Bertch's idea was to start off with a small pilot project to test whether Life Time Fitness, a health-club chain, could add offshore capacity effectively without sacrificing quality. He went to great lengths to set the stage for success, working with leading analyst companies in vendor selection, sorting through individual developer resumes, and picking a low-risk pilot application. He even agreed to allow the offshore vendor to control all aspects of the project, including analysis, design, development, quality assurance, and documentation so that they could ensure successful delivery.
And the result? "The project failed, didn't work at all," recounts a frustrated Bertch. "It didn't meet the requirements and was fundamentally replete with defects. Our postmortem revealed that [the developers'] lack of experience was the No. 1 factor. And this was an organization that claimed to have high levels of quality and process."
Against the flood tide of IT work moving offshore, a small stream of work has been coming back to the United States as some U.S. companies have concluded that offshoring, for a variety of reasons, is not as much of a bargain as advertised.
Second Thoughts
For example, smaller companies that can't afford the necessary up-front investment in processes and relationships have fallen short on success. So too have application-development projects that require close links with end-users, lots of innovation, or industry-specific knowledge. Politically sensitive projects and those requiring very high data security are also proving they may not be well-suited to go offshore.

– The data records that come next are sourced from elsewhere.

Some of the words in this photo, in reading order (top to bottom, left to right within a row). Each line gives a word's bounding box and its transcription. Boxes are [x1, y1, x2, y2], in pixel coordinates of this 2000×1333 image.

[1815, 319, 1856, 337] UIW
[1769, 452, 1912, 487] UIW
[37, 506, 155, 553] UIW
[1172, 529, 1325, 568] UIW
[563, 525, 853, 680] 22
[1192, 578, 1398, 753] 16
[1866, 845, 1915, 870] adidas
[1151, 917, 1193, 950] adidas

In Life Time Fitness' case, the culprit seemed to be poor performance on the part of a specific vendor. But Bertch believes his experience is symptomatic of an offshore application-development industry that has grown too fast.
The average worker assigned to his project had two years of experience, Bertch claims, and even senior managers had only three or four years under their belts. "These kids are right out of college with very little savvy and maturity in the biz world," Bertch says. "We concluded that to be successful offshore, we would have to control the processes and send our management over there. There's no royal road to offshoring. The Indians require years of mentoring, training, and experience before they add more value than they cost -- just as would be the case with hiring U.S. labor."

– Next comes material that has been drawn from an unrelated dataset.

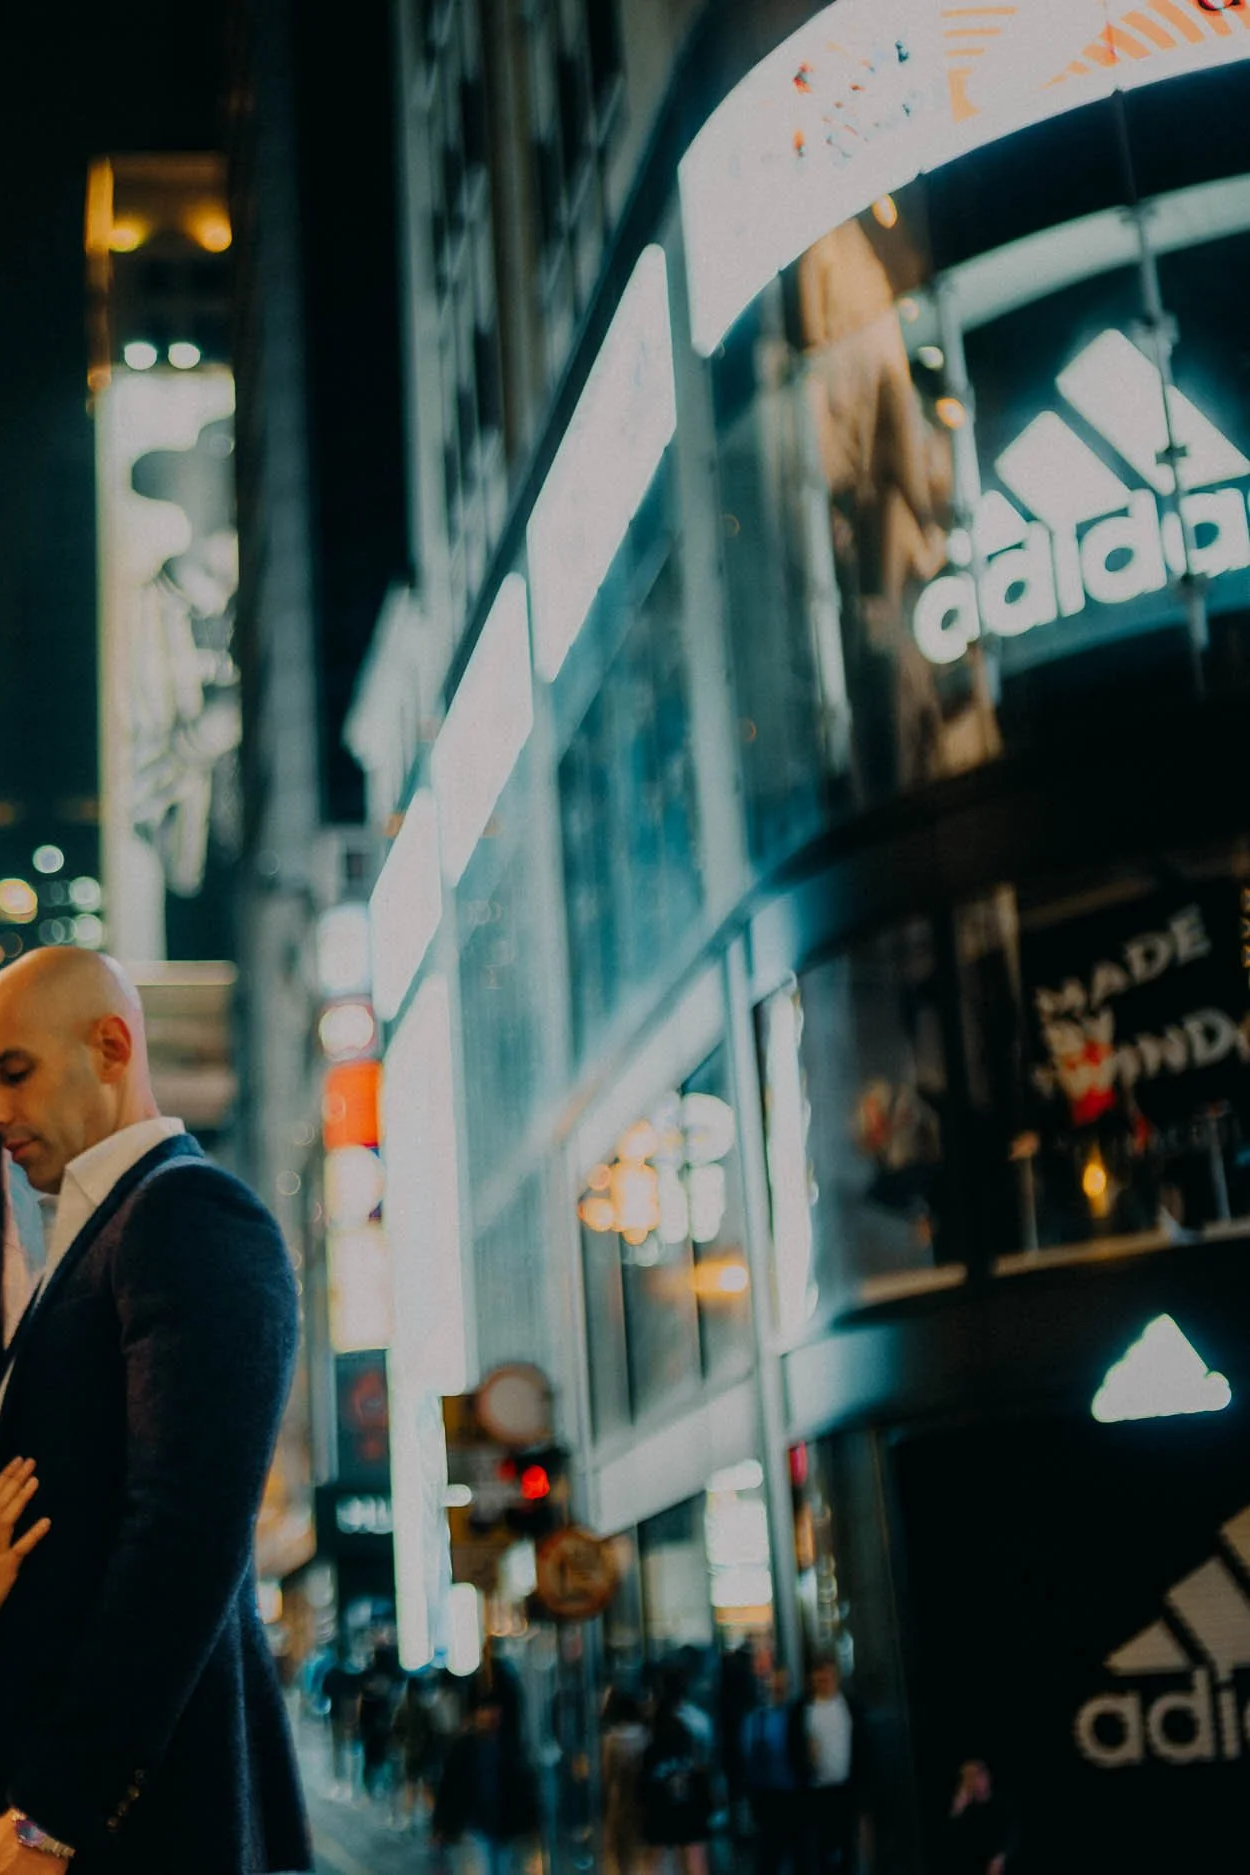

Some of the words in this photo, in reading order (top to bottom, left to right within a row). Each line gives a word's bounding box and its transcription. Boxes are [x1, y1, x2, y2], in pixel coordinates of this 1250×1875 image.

[913, 488, 1250, 664] adida
[1035, 903, 1211, 1021] MADE
[1074, 1667, 1250, 1767] adi

As a relatively small company, Life Time Fitness couldn't justify the necessary investment. Bertch says he instead chose to hire low-cost developers out of the University of Minnesota who were able to get the job done for half of the $30 per hour the offshore companies were charging.
Bertch encourages IT managers, based on his experience, to look hard at the onshore option. "U.S. businesses already have a built-in cost advantage over any other non-U.S. labor source: they're local," he says. "There's a huge bias among U.S. management [that posits] offshoring cuts costs without sacrificing quality, even though this usually proves not to be the case. IT management has a hard time communicating the lack of ROI with offshore because they come across as trying to protect their jobs."